Crítica escrita por Luara Prado na disciplina História da TV e do Cinema ministrada por Gledson Mercês na Faculdade CAL (Casa das Artes de Laranjeiras).


A história de “Bom dia, Verônica”, série nacional da Netflix lançada em outubro de 2020, vai muito além dos clichês tradicionais presentes em todo suspense policial que se preze. Baseada na obra da criminóloga Ilana Casoy e do romancista Raphael Montes, a série traz à tona pautas urgentes (apesar de antigas) como violência doméstica e negligência policial associadas a uma lógica de opressão feminina conferindo às mesmas um protagonismo inédito no gênero.

A narrativa acompanha Verônica Torres – vivida por Tainá Muller – uma escrivã do Departamento de Homicídio da Polícia de São Paulo, que após presenciar uma angustiante cena de suicídio de uma mulher enganada e abusada sexualmente por um homem, se vê impelida a lutar e buscar justiça por essa e tantas mulheres caladas, negligenciadas e muitas vezes mortas em decorrência de uma sociedade machista e misógina amparada por instituições que deveriam as acolher e proteger mas ao invés disso abafam, relativizam e desprezam o sofrimento das vítimas.

A protagonista lida muito bem com o gênero e constrói uma personalidade potente e justiceira a medida que lida de maneira assíncrona com seus fantasmas do passado, com toda a sujeira que reveste nossas instituições de poder e com seus problemas pessoais já existentes mas agravados pela decisão de embarcar nessa jornada frustrante de tentar expurgar o que há de mais podre na sociedade.

A trama se desenvolve a partir da relação de Verônica e Janete (Camila Morgado), uma mulher que sofre com os abusos do marido, o policial militar Brandão (Eduardo Moscovis). Nessa primeira temporada, dividida em oito episódios de cerca quarenta minutos cada, a série se compromete em percorrer os inúmeros métodos de violência contra a mulher e, mesmo que estejamos acostumados a assistir obras bastante violentas, este tema específico ainda é tabu. Isso porque está muito próximo da realidade brasileira: no Brasil, uma mulher é agredida a cada 4 minutos, segundo informações do Ministério da Saúde.

Eduardo Moscovis interpreta um Coronel da Polícia Militar, uma figura amedrontadora e desprezível e Camila Morgado tem grande destaque na construção de uma personagem rica em receios e anseios. Esse arco é o principal da trama ao explorar a pauta de relações abusivas e traz de maneira verossímil as atitudes do abusador, onde em meio aos surtos e agressões, também há momentos de ternura e carinho, comportamento padrão dessas figuras masculinas. Com isso, a série aproxima o público de um problema latente que está mais perto do que podemos imaginar.
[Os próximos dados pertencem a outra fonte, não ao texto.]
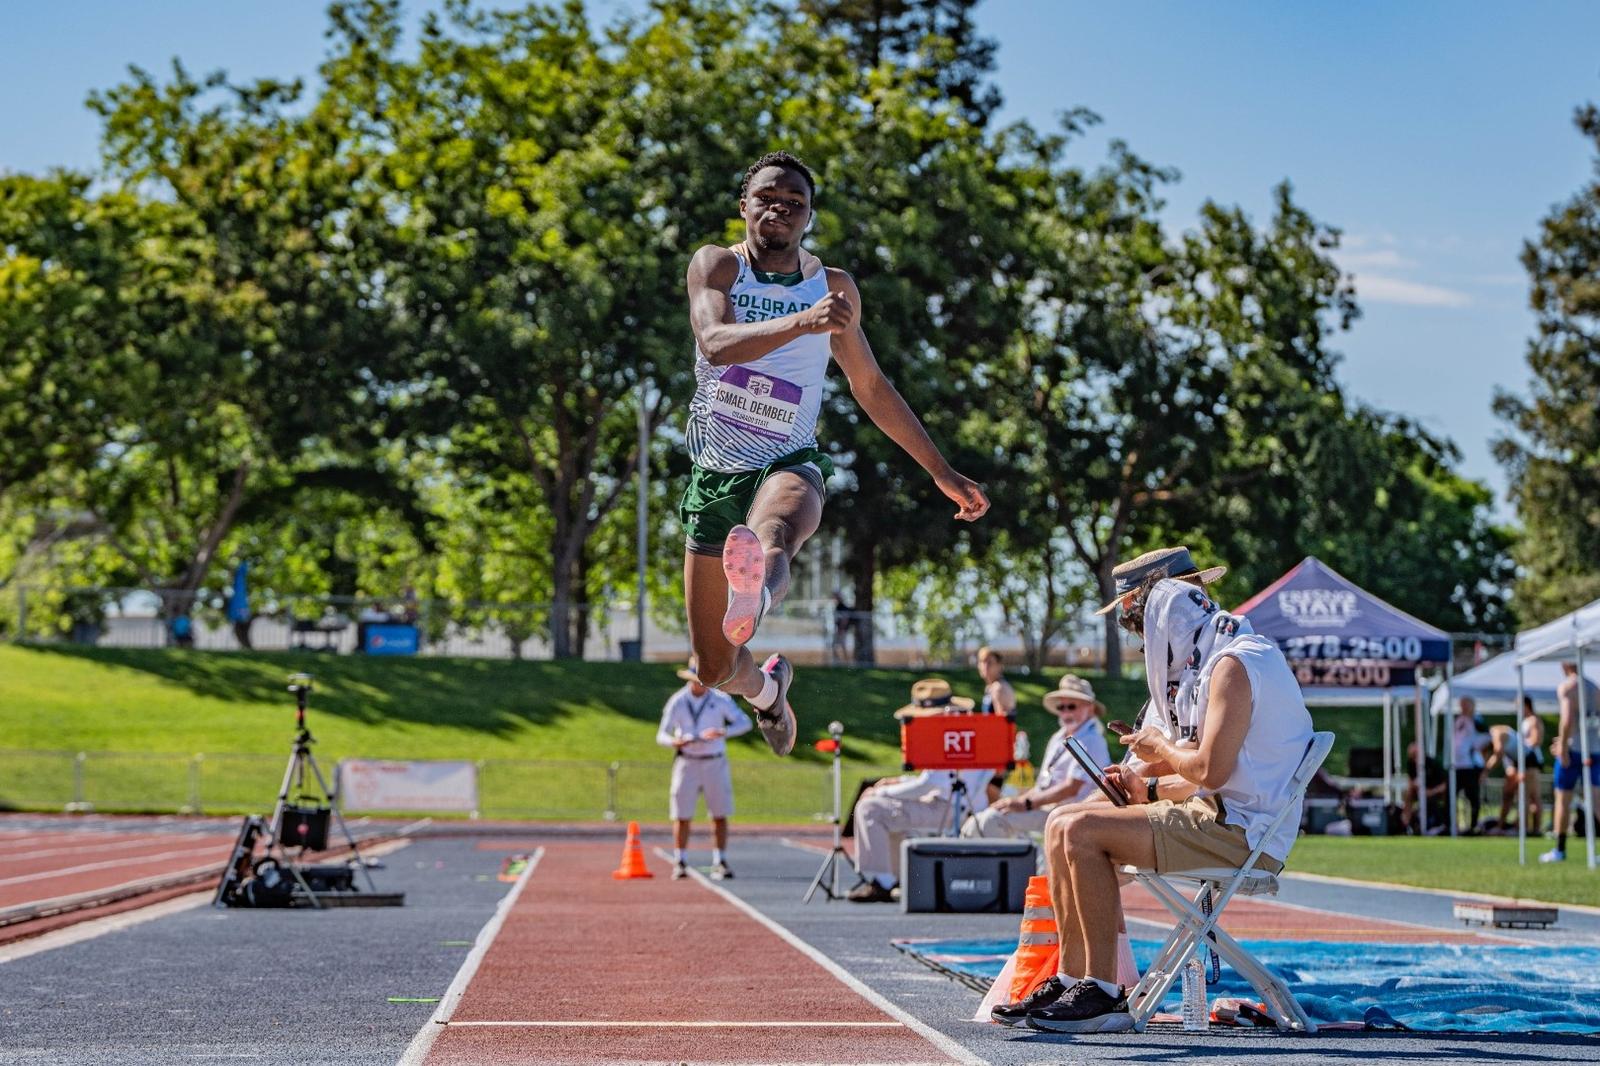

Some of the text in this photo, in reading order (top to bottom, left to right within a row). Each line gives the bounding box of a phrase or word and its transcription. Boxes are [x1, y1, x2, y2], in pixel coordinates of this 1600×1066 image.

Essa dupla veterana do audiovisual, Morgado e Moscovis, traz à trama momentos de tensão extrema do início ao fim, através de atuações naturais, orgânicas e convincentes. A série dá um soco no estômago do espectador a cada respiração descompassada por conta do medo sentido por Janete e traz revolta e indignação ao escancarar um relacionamento onde a submissão se sobrepõe à própria existência de Janete, que parece “morrer um pouquinho” a cada ida a rodoviária, local onde Brandão obriga Janete a capturar sua próxima vítima.

No entanto, a presença da ligação de Brandão com questões espirituais não me parece relevante, para não dizer um desserviço. Justificar sua barbárie e atrocidades através do que pode se ver como um ritual de magia negra pode distanciar o espectador da proposta reflexiva trazida pela série e, mais uma vez, reafirmar a relativização do sofrimento das vítimas. É bom frisar que trata-se de uma obra de advertência, não de ficção.

As transformações vividas pela personagem fio condutor de toda a série, deixa claro que seu título não é apenas uma expressão, mas uma indicação do despertar de Verônica para o mundo real, que é violento e injusto. A série satisfaz tanto como suspense policial, terror psicológico ou pedido de socorro. A trilha sonora é impecável, a tensão visual é presente do início ao fim e o trio principal é excelente.

“Bom dia, Verônica” é de extrema importância para o cenário audiovisual brasileiro, por mostrar que a produção nacional é capaz de entregar títulos de qualidade de gêneros ainda não tão bem explorados mas não é para qualquer tipo de espectador pois mostra a todo momento a que ponto pode chegar a violência e a maldade do ser humano. Ao final de todo episódio um aviso orienta para que caso algum gatilho tenha te atingido, que procure ajuda imediatamente. O que nos lembra que apesar de estarmos assistindo uma obra com roteiro e atores, a violência doméstica é urgente e é real.